Healthcare: Japan's excellent system - but beware the free market

When I first arrived in Japan in 1950, it was not a very clean country. There was a lot of rubbish in the streets and people littered freely on the trains and buses. In the hospitals nursing care was limited, so in-patients were fed and washed by a relative or hired help, who slept on a futon on the floor next to the bed. Hygiene was not always up to par, especially at private clinics. I recall with revulsion the conditions at our local GP's consulting room in Nishinomiya near Osaka, where the floor was littered with the soiled bandages of numerous patients.

Half a century later Japan is exemplary for its spotless public spaces. The trains, town halls, schools and museums, not to mention the great department stores and shopping arcades - are all free from litter. Even the streets are clean and well-swept, with hardly a tossed beer can or dog's turd in sight. And this despite the scarcity of waste disposal facilities, most of which were removed after the Aum sarin gas attacks in the Tokyo subways in the mid-1990s, when rubbish bins were used to conceal their nefarious weapons.

Today's hospitals are especially praiseworthy for their high sanitary standards and efficient administration. Medical attention for both in- and outpatients is readily available - not counting the usual patience needed to await your turn - and judging by my recent, extensive experience in Tokyo, the quality of nursing care is equally commendable. Japan's healthcare system represents an enviable accomplishment of both professional organization and social discipline, evidently achieved during the post-war, democratic era - rather than being an aspect of traditional Japanese society.

Let the patient share the costs

Public hospitals and health clinics in the UK generally compare unfavourably with their Japanese counterparts. Under the National Health Service, surgery for serious medical problems can entail a wait of many months if the condition is considered not immediately life-threatening. An appointment with a specialist may take weeks to arrange. Those who can afford it visit a private consultant at a fee of seldom less than £100 (¥25,000) and frequently much more for a consultation, plus the related costs of lab tests and medicines. As for hygiene, that is generally acceptable, though I have seen some pretty filthy conditions in the back areas of a couple of major London hospitals that would be unthinkable in Japan today.

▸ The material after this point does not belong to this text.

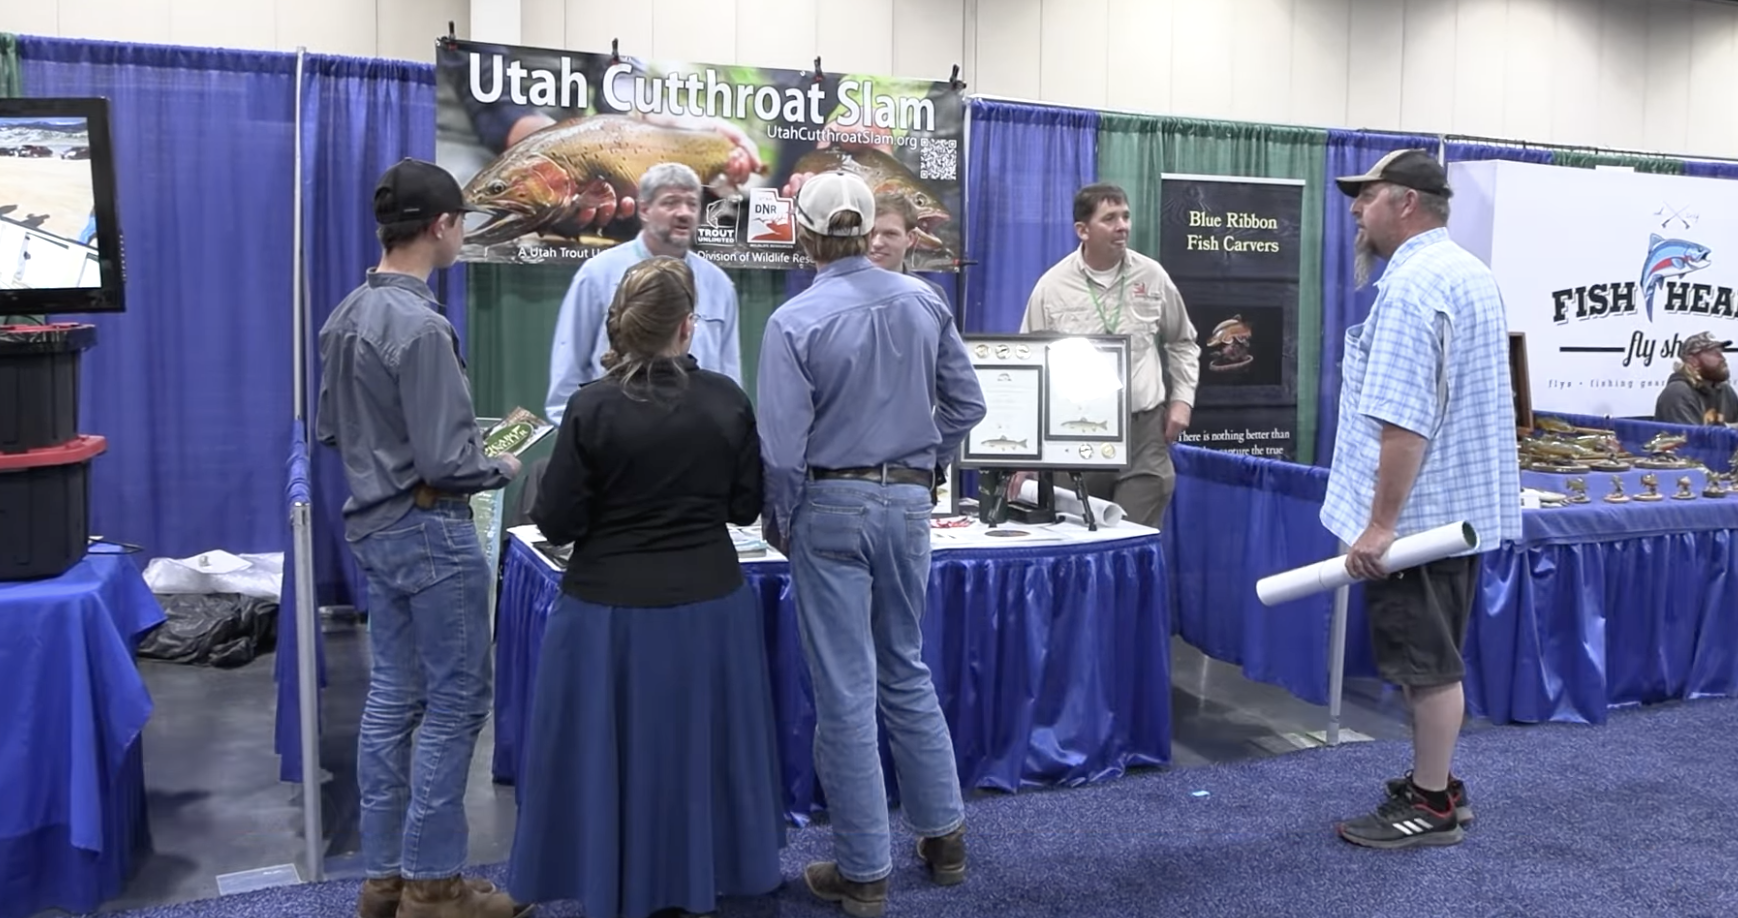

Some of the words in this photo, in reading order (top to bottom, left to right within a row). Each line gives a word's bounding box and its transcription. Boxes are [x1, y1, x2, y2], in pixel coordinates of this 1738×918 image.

Why these differences between comparably wealthy countries? For one thing, the UK and other West-European countries, with their diverse populations from many ethnic and cultural backgrounds, cannot emulate Japan's relative uniformity of performance. Another aspect is the work ethic of public healthcare workers, which is clearly stronger in Japan than in most areas of Europe. But there are also financial reasons.

The British National Health Service (NHS) is funded from general taxation and essentially free to the user at the point of delivery regardless of income status, except for a small flat charge for prescription medicines. The Japanese National Health Insurance (NHI) is funded by insurance premiums paid by every citizen based on income. In addition, the user of NHI services pays 10%, 20% or 30% of the cost of each service performed, depending on income status. In spite of this co-payment, use of the system is heavy, with 16 average annual per capita doctor consultations (compared to an average of 6.6 for the 30 OECD member countries), and an average hospital stay of 31.5 days, by far the highest among OECD members, whose average is 8.2 days. This latter phenomenon is referred to as 'social hospitalization', a serious problem. So far the government has been able to fund the NHI budget, but an overhaul of the system may well become necessary.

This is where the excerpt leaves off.